### [Task description]
An exact copy of the listing below is the answer, with the pictures removed.

### [Data in this exercise]
= = = = =
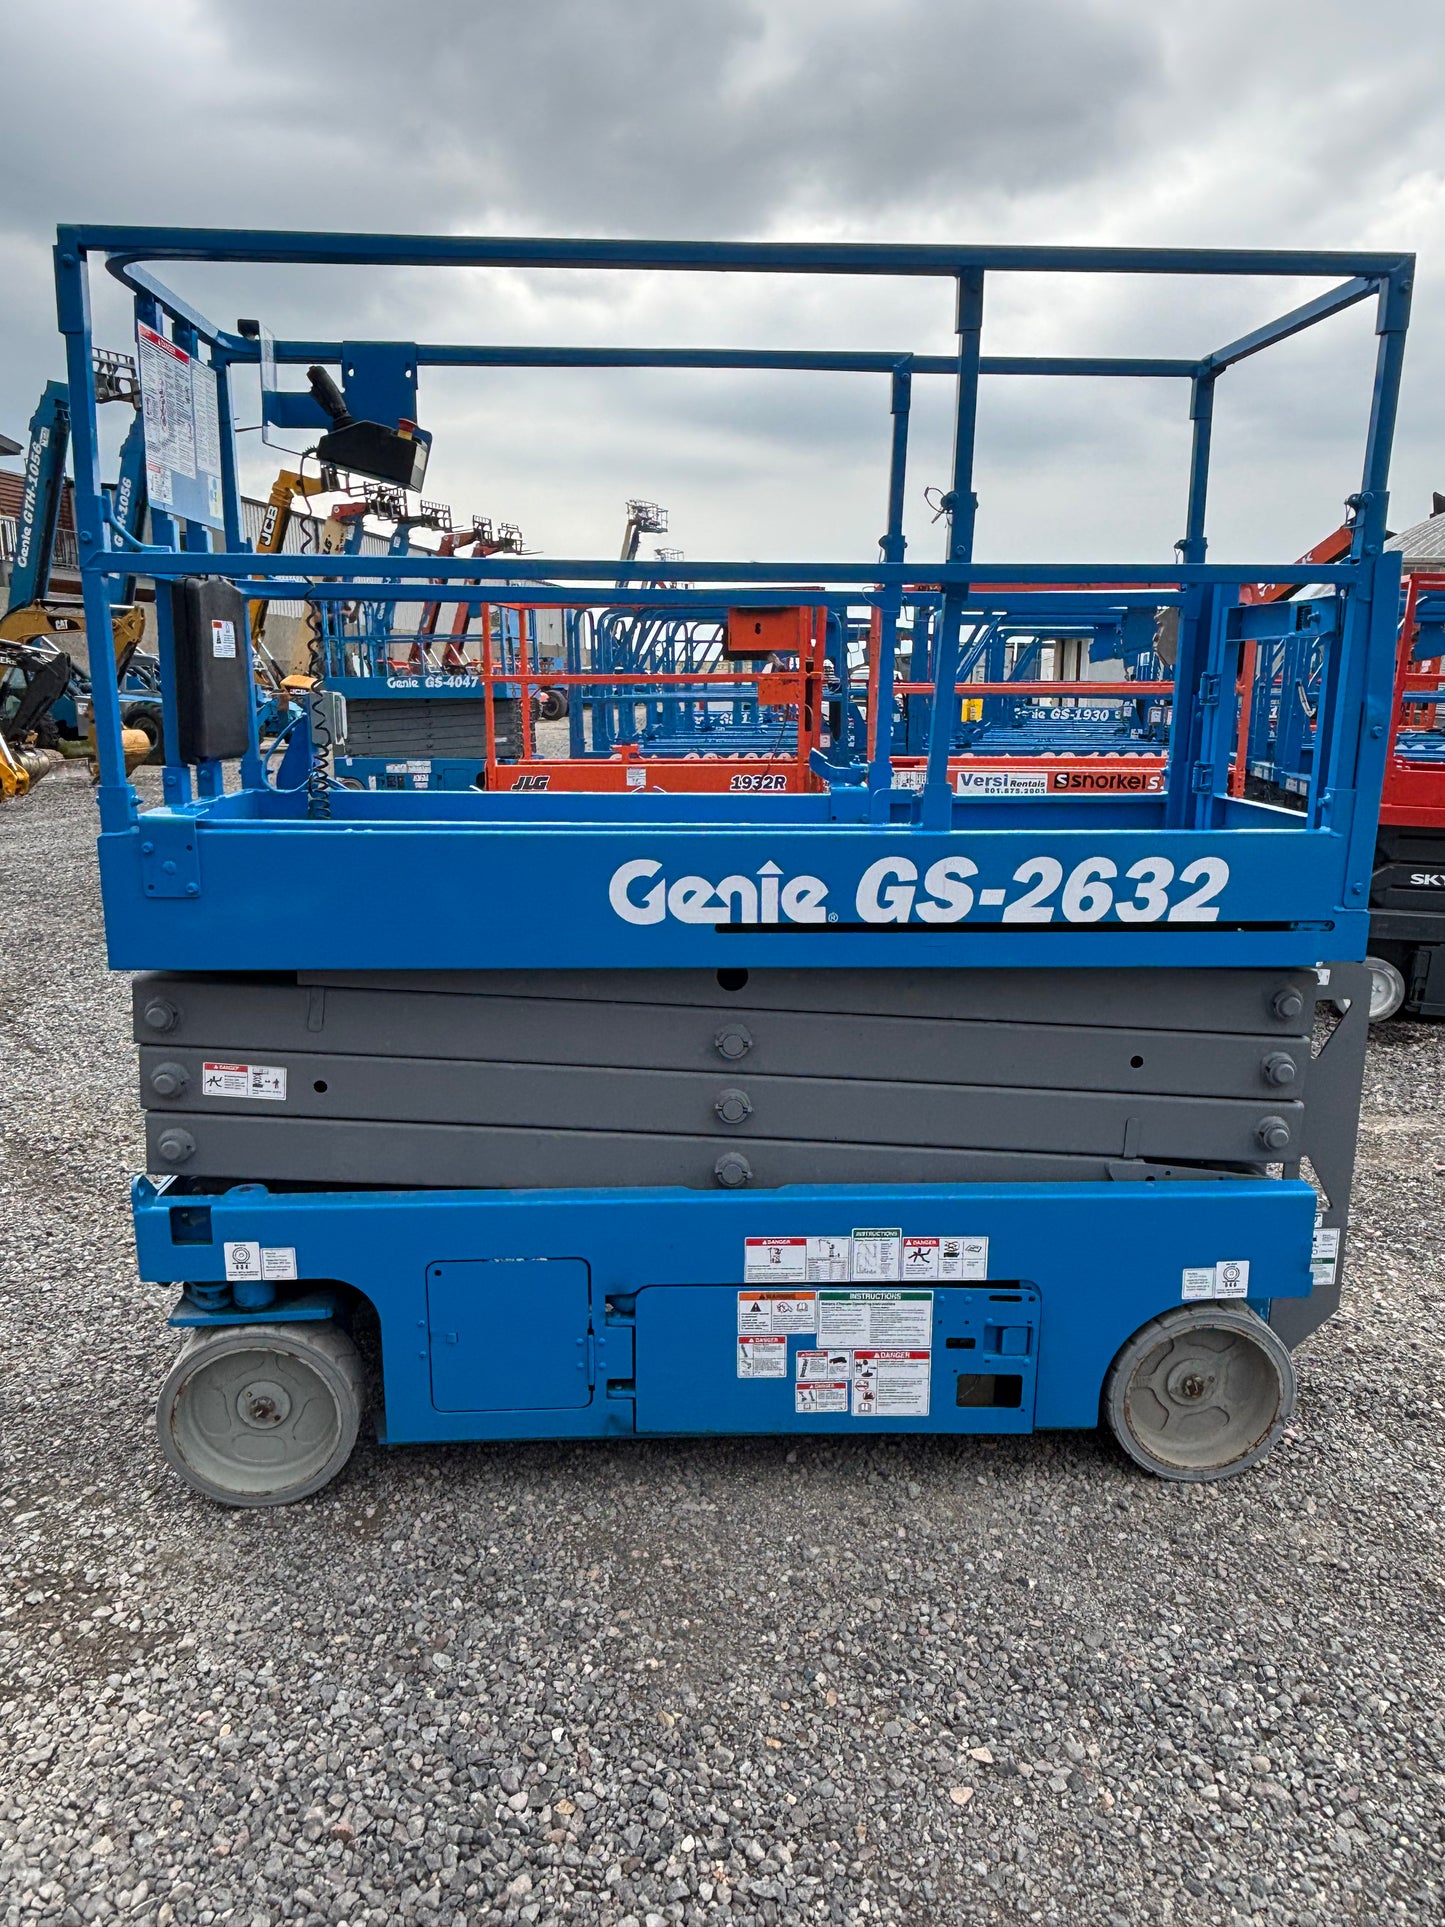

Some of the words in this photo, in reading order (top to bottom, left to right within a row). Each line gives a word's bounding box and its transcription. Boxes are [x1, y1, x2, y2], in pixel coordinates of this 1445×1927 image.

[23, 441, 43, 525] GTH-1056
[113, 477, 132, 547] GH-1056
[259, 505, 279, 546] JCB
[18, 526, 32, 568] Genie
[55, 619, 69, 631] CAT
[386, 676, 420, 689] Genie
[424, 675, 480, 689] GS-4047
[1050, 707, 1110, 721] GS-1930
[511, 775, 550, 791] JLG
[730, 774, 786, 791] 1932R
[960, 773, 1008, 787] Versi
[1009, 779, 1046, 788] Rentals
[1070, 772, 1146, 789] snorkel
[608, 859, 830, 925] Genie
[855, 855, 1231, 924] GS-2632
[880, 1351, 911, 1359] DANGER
= = = = =
### [Written response]
Some of the words in this photo, in reading order (top to bottom, left to right within a row). Each line gives a word's bounding box and its transcription. Boxes are [x1, y1, x2, y2], in pixel coordinates of this 1445×1927 image.

[23, 441, 43, 525] GTH-1056
[113, 477, 132, 547] GH-1056
[259, 505, 279, 546] JCB
[18, 526, 32, 568] Genie
[55, 619, 69, 631] CAT
[386, 676, 420, 689] Genie
[424, 675, 480, 689] GS-4047
[1050, 707, 1110, 721] GS-1930
[511, 775, 550, 791] JLG
[730, 774, 786, 791] 1932R
[960, 773, 1008, 787] Versi
[1009, 779, 1046, 788] Rentals
[1070, 772, 1146, 789] snorkel
[608, 859, 830, 925] Genie
[855, 855, 1231, 924] GS-2632
[880, 1351, 911, 1359] DANGER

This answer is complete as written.